7 Selon l'annexe I, point I - "Travailleurs salariés et/ou travailleurs non salariés [article 1er, sous a), ii) et iii), du règlement]" -, C ("Allemagne"), du règlement n° 1408/71,
"Si une institution allemande est l'institution compétente pour l'octroi des prestations familiales, conformément au titre III, chapitre 7, du règlement, est considérée au sens de l'article 1er, sous a), ii), du règlement:
a) comme travailleur salarié, la personne assurée à titre obligatoire contre le risque de chômage ou la personne qui obtient, à la suite de cette assurance, des prestations en espèces de l'assurance maladie ou des prestations analogues;
b) comme travailleur non salarié, la personne qui exerce une activité non salariée et qui est tenue:
- de s'assurer ou de cotiser pour le risque vieillesse dans un régime de travailleurs non salariés
- de s'assurer dans le cadre de l'assurance pension obligatoire."
La réglementation allemande et la convention européenne d'assistance sociale et médicale
8 En Allemagne, l'allocation d'éducation est une prestation non contributive qui s'inscrit dans un ensemble de mesures en matière de politique familiale et qui est octroyée en application du Bundeserziehungsgeldgesetz du 6 décembre 1985 (loi relative à l'octroi de l'allocation et du congé d'éducation, BGBl. I, p. 2154, ci-après le "BErzGG").
9 Dans sa version du 25 juillet 1989 (BGBl. I, p. 1550), modifiée par la loi du 17 décembre 1990 (BGBl. I, p. 2823), le BErzGG prévoit, en son article 1er, paragraphe 1, que peut prétendre à l'allocation d'éducation toute personne: 1) ayant son domicile ou son lieu de résidence ordinaire sur le territoire relevant de cette loi, 2) ayant dans son ménage un enfant dont elle a la charge, 3) assurant la garde et l'éducation de cet enfant et 4) n'exerçant pas d'activité ou d'activité professionnelle à plein temps.
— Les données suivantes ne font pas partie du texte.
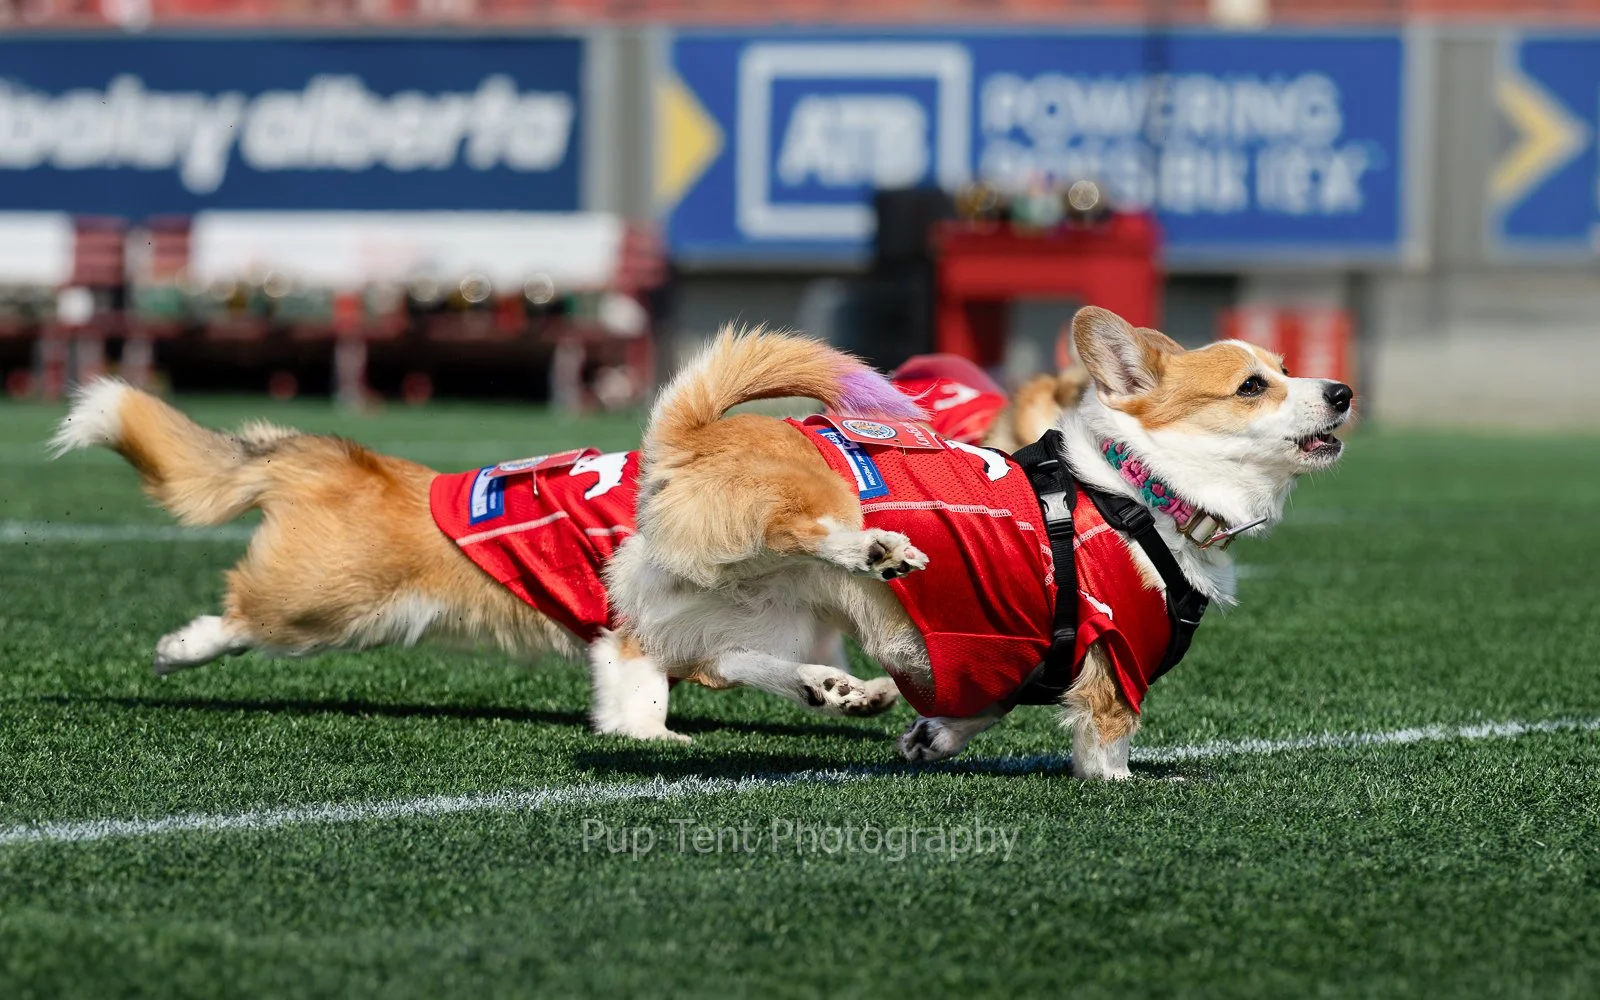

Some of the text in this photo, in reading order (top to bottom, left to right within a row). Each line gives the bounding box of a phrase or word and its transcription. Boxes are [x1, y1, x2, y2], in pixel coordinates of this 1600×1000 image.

[242, 74, 573, 170] alberta
[778, 94, 929, 187] ATB
[980, 74, 1342, 146] POWERING
10 Sous la lettre a) de l'article 1er, paragraphe 1, le BErzGG énonce que "tout étranger qui veut bénéficier de l'allocation doit posséder une autorisation de séjour (Aufenthaltsberechtigung) ou un titre de séjour (Aufenthaltserlaubnis)". La juridiction de renvoi relève que, selon une jurisprudence constante du Bundessozialgericht, seul celui qui produit un document de l'Office des étrangers attestant en bonne et due forme le droit de séjour dès le début de la période de prestation est "en possession" d'une autorisation de séjour; la simple attestation qu'une demande de titre de séjour a été introduite et que le séjour est donc autorisé ne suffit pas pour que la personne concernée soit considérée comme étant en possession d'une autorisation de séjour au sens de la disposition précitée.
11 Selon l'article 1er de la convention européenne d'assistance sociale et médicale, adoptée par le Conseil de l'Europe le 11 décembre 1953 et en vigueur depuis 1956 en Allemagne et depuis 1983 en Espagne, "chacune des Parties Contractantes s'engage à faire bénéficier les ressortissants des autres Parties Contractantes, en séjour régulier sur toute partie de son territoire auquel s'applique la présente Convention et qui sont privés de ressources suffisantes, à l'égal de ses propres ressortissants et aux mêmes conditions, de l'assistance sociale et médicale prévue par la législation en vigueur dans la partie du territoire considéré."